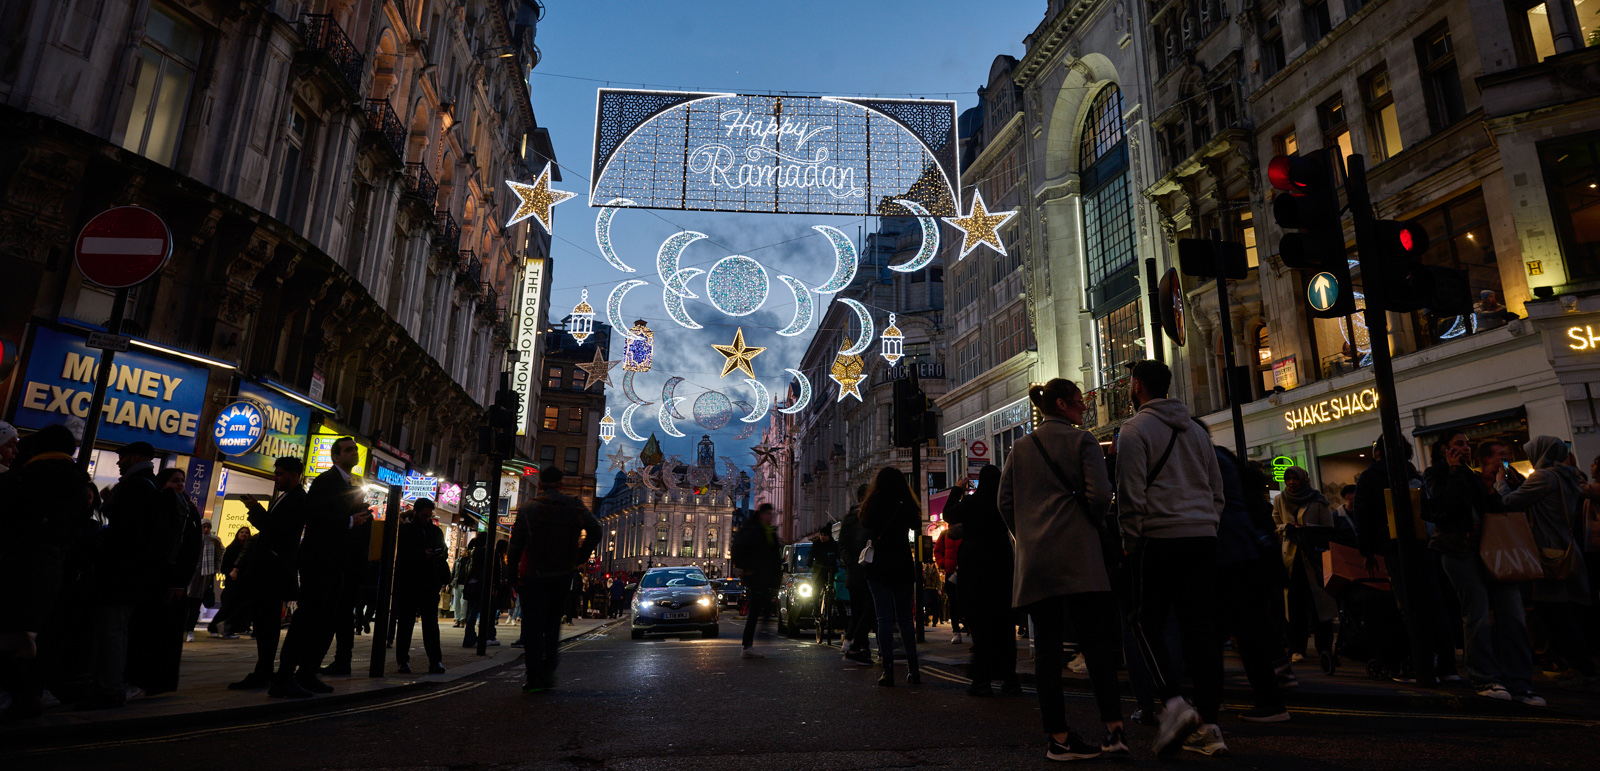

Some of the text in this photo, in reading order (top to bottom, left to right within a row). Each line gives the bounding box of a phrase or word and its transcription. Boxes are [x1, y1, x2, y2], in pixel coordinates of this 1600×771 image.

[720, 108, 832, 151] Happy
[689, 142, 866, 199] Ramadan
[1528, 261, 1543, 275] H
[516, 269, 539, 425] THE BOOK OF MORMON
[62, 352, 182, 401] MONEY
[883, 363, 943, 380] TROCAERO
[23, 381, 198, 438] EXCHANGE
[215, 405, 260, 437] CHANGE
[266, 405, 300, 436] ONEY
[1285, 388, 1379, 431] SHAKE SHACK
[219, 438, 253, 446] MONEY
[308, 437, 320, 474] OPEN
[465, 495, 478, 508] OPEN
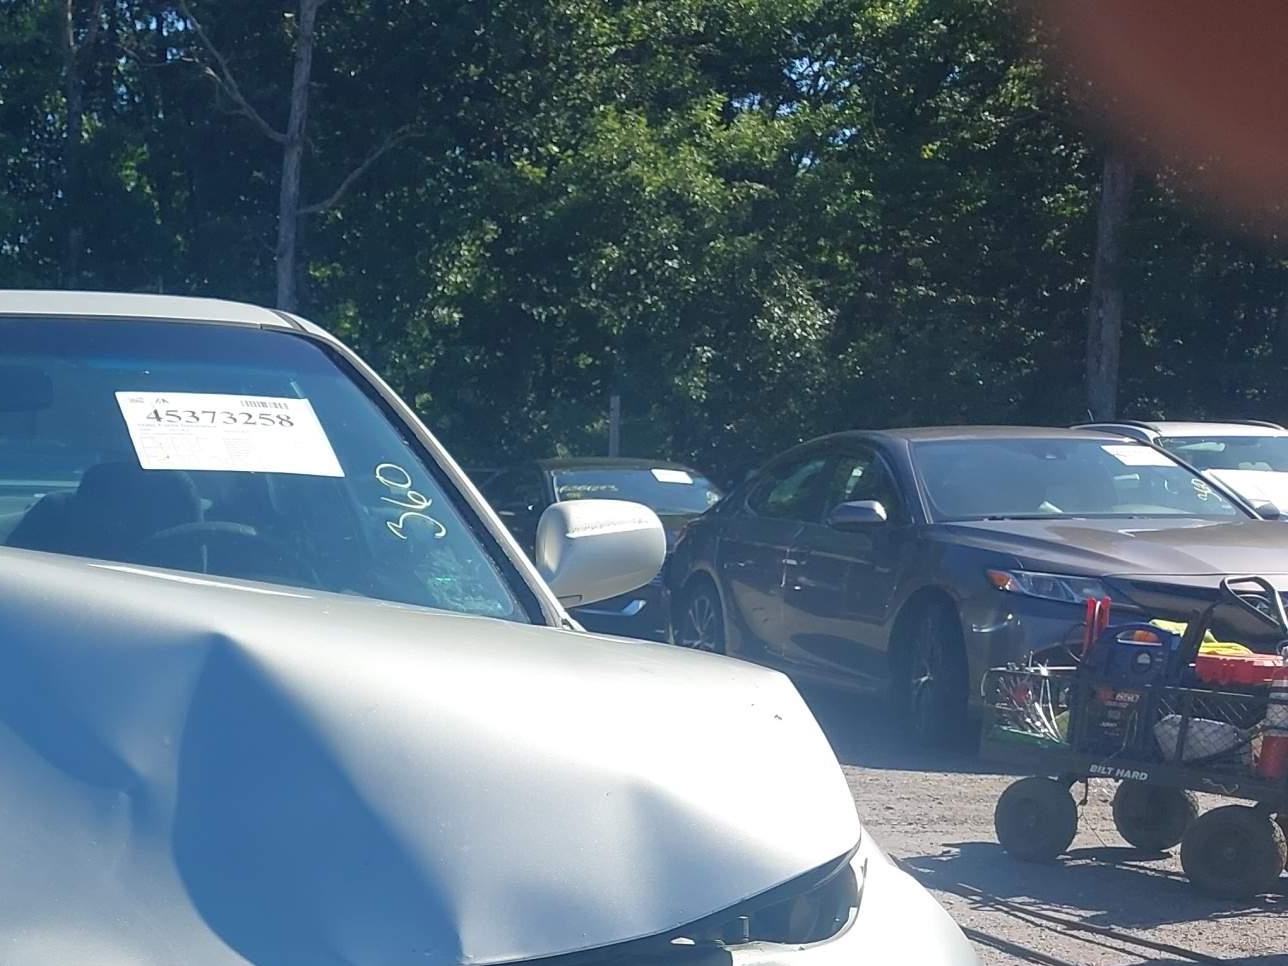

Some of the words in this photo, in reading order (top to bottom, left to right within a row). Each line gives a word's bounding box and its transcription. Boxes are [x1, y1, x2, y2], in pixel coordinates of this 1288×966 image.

[145, 408, 294, 428] 45373258
[375, 463, 447, 540] 360
[1089, 764, 1114, 776] BILT
[1115, 768, 1149, 781] HARD
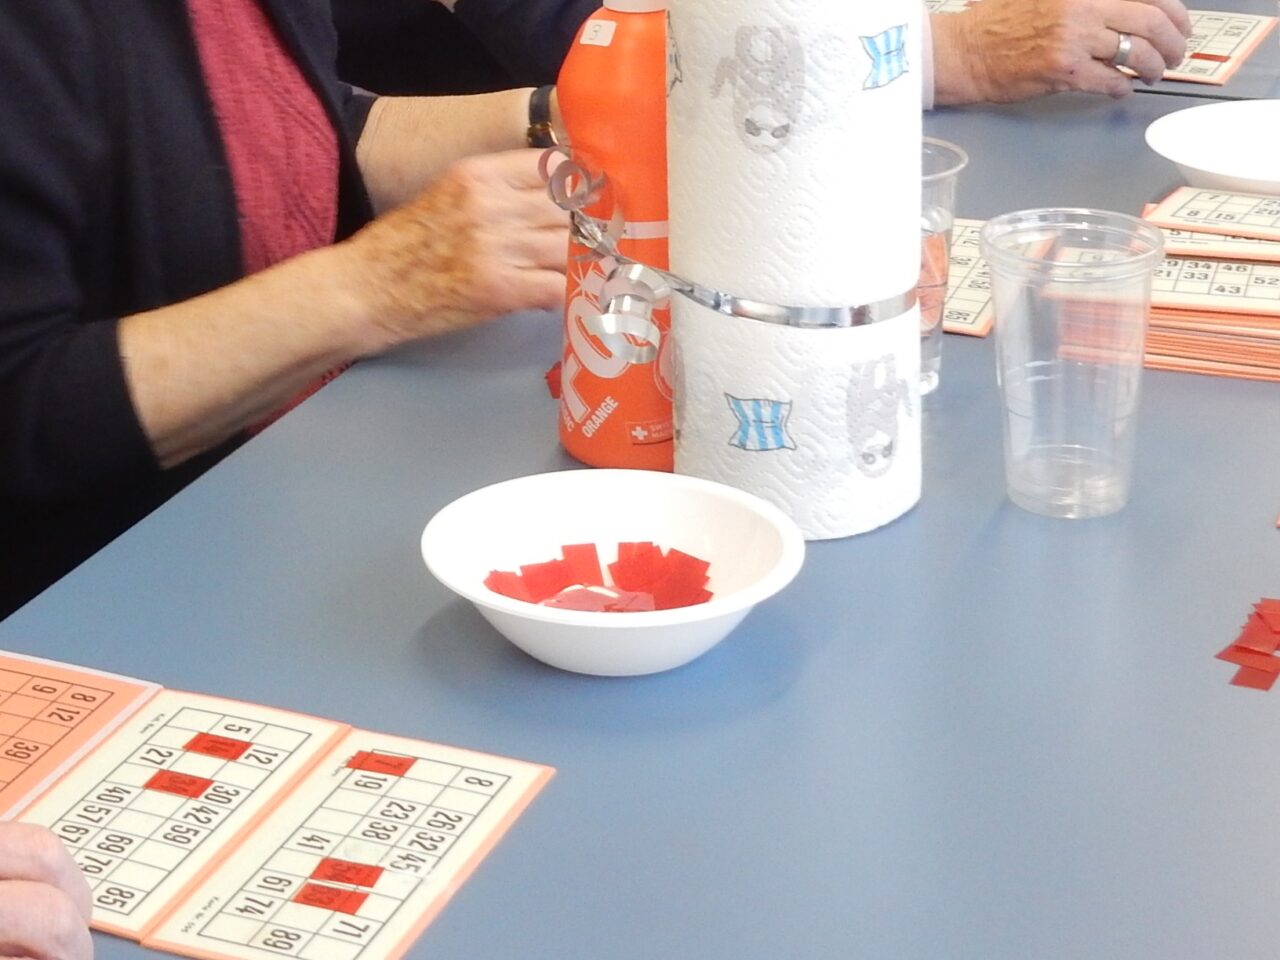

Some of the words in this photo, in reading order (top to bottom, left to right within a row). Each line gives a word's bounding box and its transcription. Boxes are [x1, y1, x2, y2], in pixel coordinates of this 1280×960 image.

[1183, 271, 1209, 281] 33
[1253, 276, 1280, 286] 52
[1214, 285, 1241, 294] 43
[582, 396, 619, 438] ORANGE
[32, 683, 58, 695] 9
[71, 692, 97, 703] 8
[47, 707, 81, 722] 12
[224, 722, 253, 735] 5
[4, 741, 40, 760] 39
[140, 747, 174, 766] 27
[245, 748, 279, 765] 12
[354, 774, 388, 790] 19
[464, 776, 494, 788] 8
[96, 785, 132, 804] 40
[204, 785, 241, 805] 30
[76, 804, 112, 824] 57
[182, 805, 220, 825] 42
[380, 800, 417, 820] 23
[426, 810, 463, 831] 26
[58, 824, 91, 844] 67
[163, 824, 201, 844] 59
[361, 821, 398, 841] 38
[97, 834, 134, 854] 69
[297, 833, 332, 851] 41
[407, 830, 446, 852] 32
[78, 855, 113, 875] 79
[389, 852, 427, 873] 45
[256, 875, 293, 893] 61
[96, 886, 136, 908] 85
[235, 896, 275, 916] 74
[332, 920, 370, 939] 71
[263, 928, 302, 951] 89
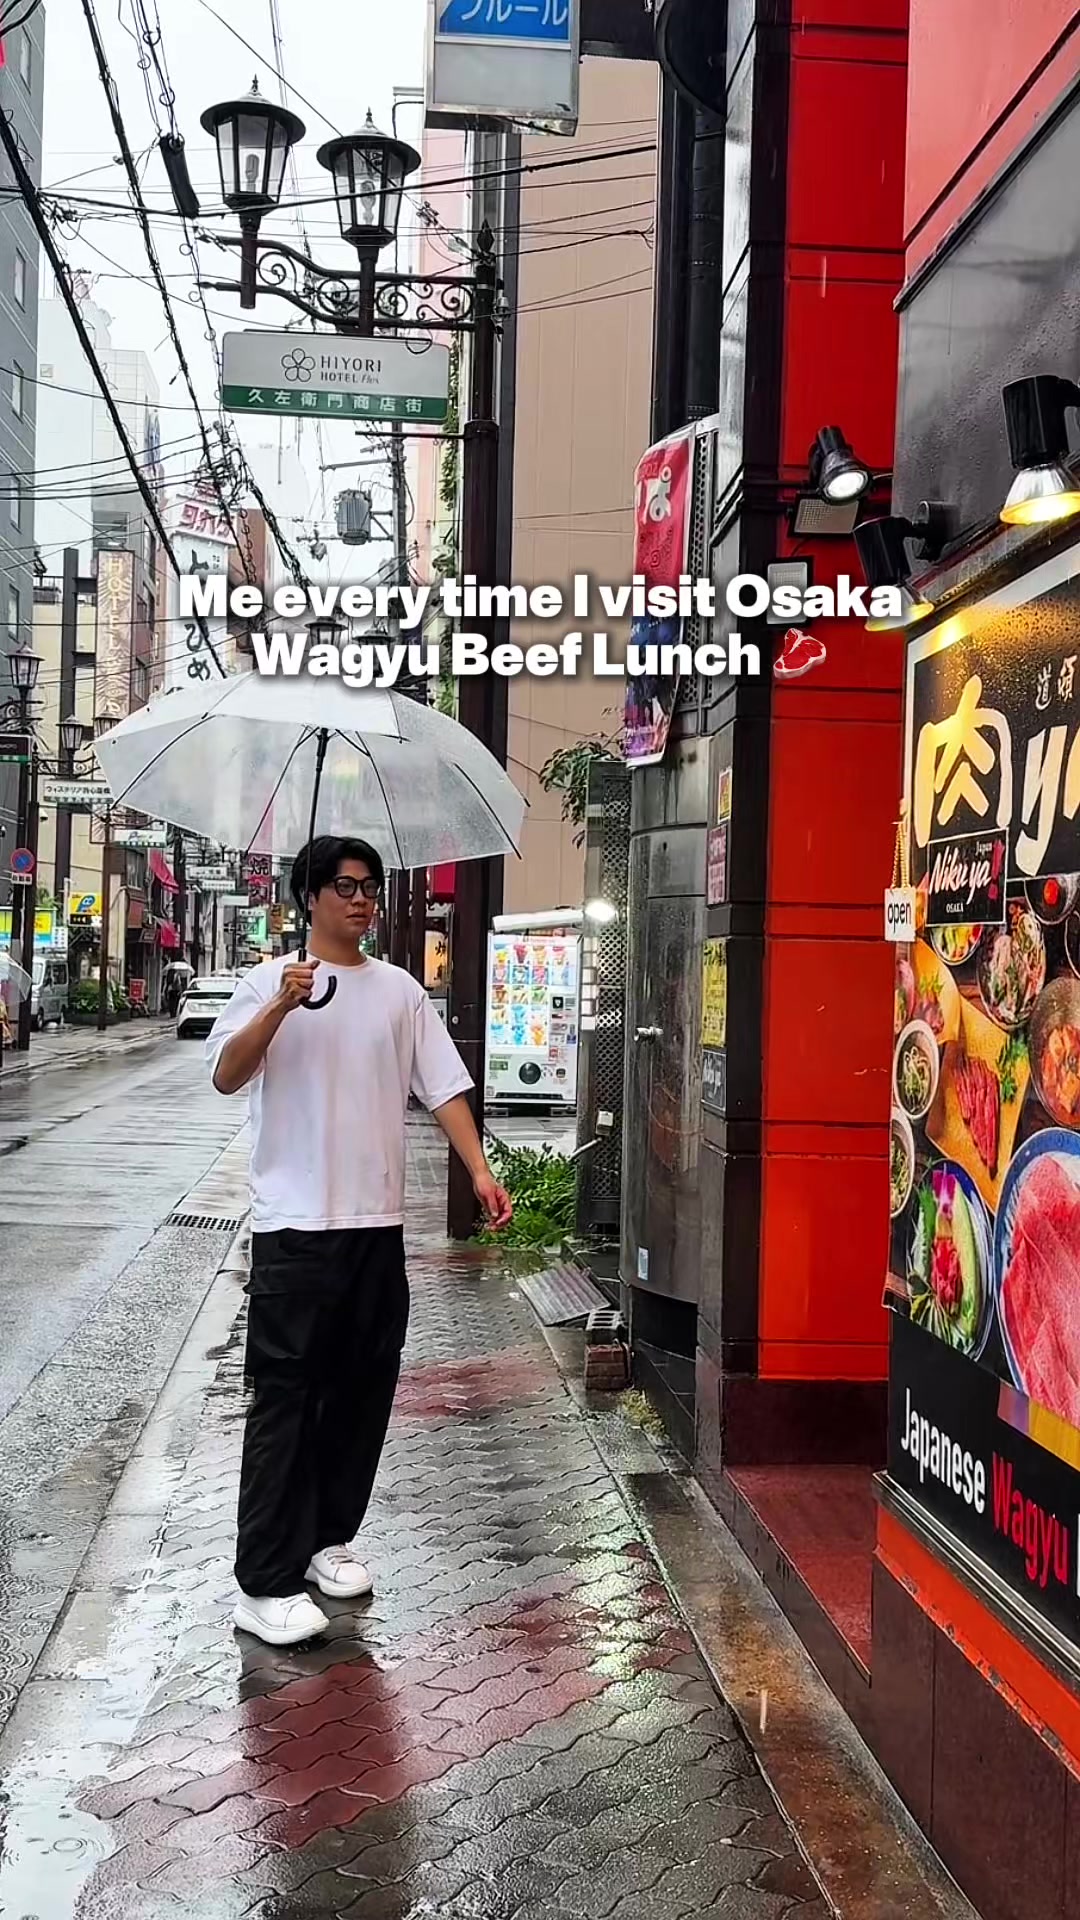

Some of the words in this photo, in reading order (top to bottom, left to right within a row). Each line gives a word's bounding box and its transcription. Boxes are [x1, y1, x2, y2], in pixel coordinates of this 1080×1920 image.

---

**ABOUT THIS EXERCISE:** Omit the pictures and reproduce the records above exactly.

**RESULT OF THIS TASK:**
Some of the text in this photo, in reading order (top to bottom, left to right within a row). Each line gives the bounding box of a phrase or word and its transcription. Boxes are [x1, y1, x2, y2], in pixel coordinates of this 1600×771 image.

[720, 108, 832, 151] Happy
[689, 142, 866, 199] Ramadan
[1528, 261, 1543, 275] H
[516, 269, 539, 425] THE BOOK OF MORMON
[62, 352, 182, 401] MONEY
[883, 363, 943, 380] TROCAERO
[23, 381, 198, 438] EXCHANGE
[215, 405, 260, 437] CHANGE
[266, 405, 300, 436] ONEY
[1285, 388, 1379, 431] SHAKE SHACK
[219, 438, 253, 446] MONEY
[308, 437, 320, 474] OPEN
[465, 495, 478, 508] OPEN

Some of the words in this photo, in reading order (top to bottom, left to right within a row). Each line gives a word's bounding box and its transcription. Boxes are [x1, y1, x2, y2], in pixel coordinates of this 1288×966 image.

[145, 408, 294, 428] 45373258
[375, 463, 447, 540] 360
[1089, 764, 1114, 776] BILT
[1115, 768, 1149, 781] HARD

Some of the words in this photo, in reading order (top to bottom, left to right within a row). Each line gives a word's bounding box and its transcription. Boxes are [x1, y1, x2, y2], in pixel coordinates of this 1280×960 image.

[1183, 271, 1209, 281] 33
[1253, 276, 1280, 286] 52
[1214, 285, 1241, 294] 43
[582, 396, 619, 438] ORANGE
[32, 683, 58, 695] 9
[71, 692, 97, 703] 8
[47, 707, 81, 722] 12
[224, 722, 253, 735] 5
[4, 741, 40, 760] 39
[140, 747, 174, 766] 27
[245, 748, 279, 765] 12
[354, 774, 388, 790] 19
[464, 776, 494, 788] 8
[96, 785, 132, 804] 40
[204, 785, 241, 805] 30
[76, 804, 112, 824] 57
[182, 805, 220, 825] 42
[380, 800, 417, 820] 23
[426, 810, 463, 831] 26
[58, 824, 91, 844] 67
[163, 824, 201, 844] 59
[361, 821, 398, 841] 38
[97, 834, 134, 854] 69
[297, 833, 332, 851] 41
[407, 830, 446, 852] 32
[78, 855, 113, 875] 79
[389, 852, 427, 873] 45
[256, 875, 293, 893] 61
[96, 886, 136, 908] 85
[235, 896, 275, 916] 74
[332, 920, 370, 939] 71
[263, 928, 302, 951] 89

Some of the words in this photo, in reading order (top to bottom, left to right within a row). Each line gives a word's bounding box and its transcription. Boxes are [x1, y1, x2, y2], in pixel coordinates of this 1080×1920 image.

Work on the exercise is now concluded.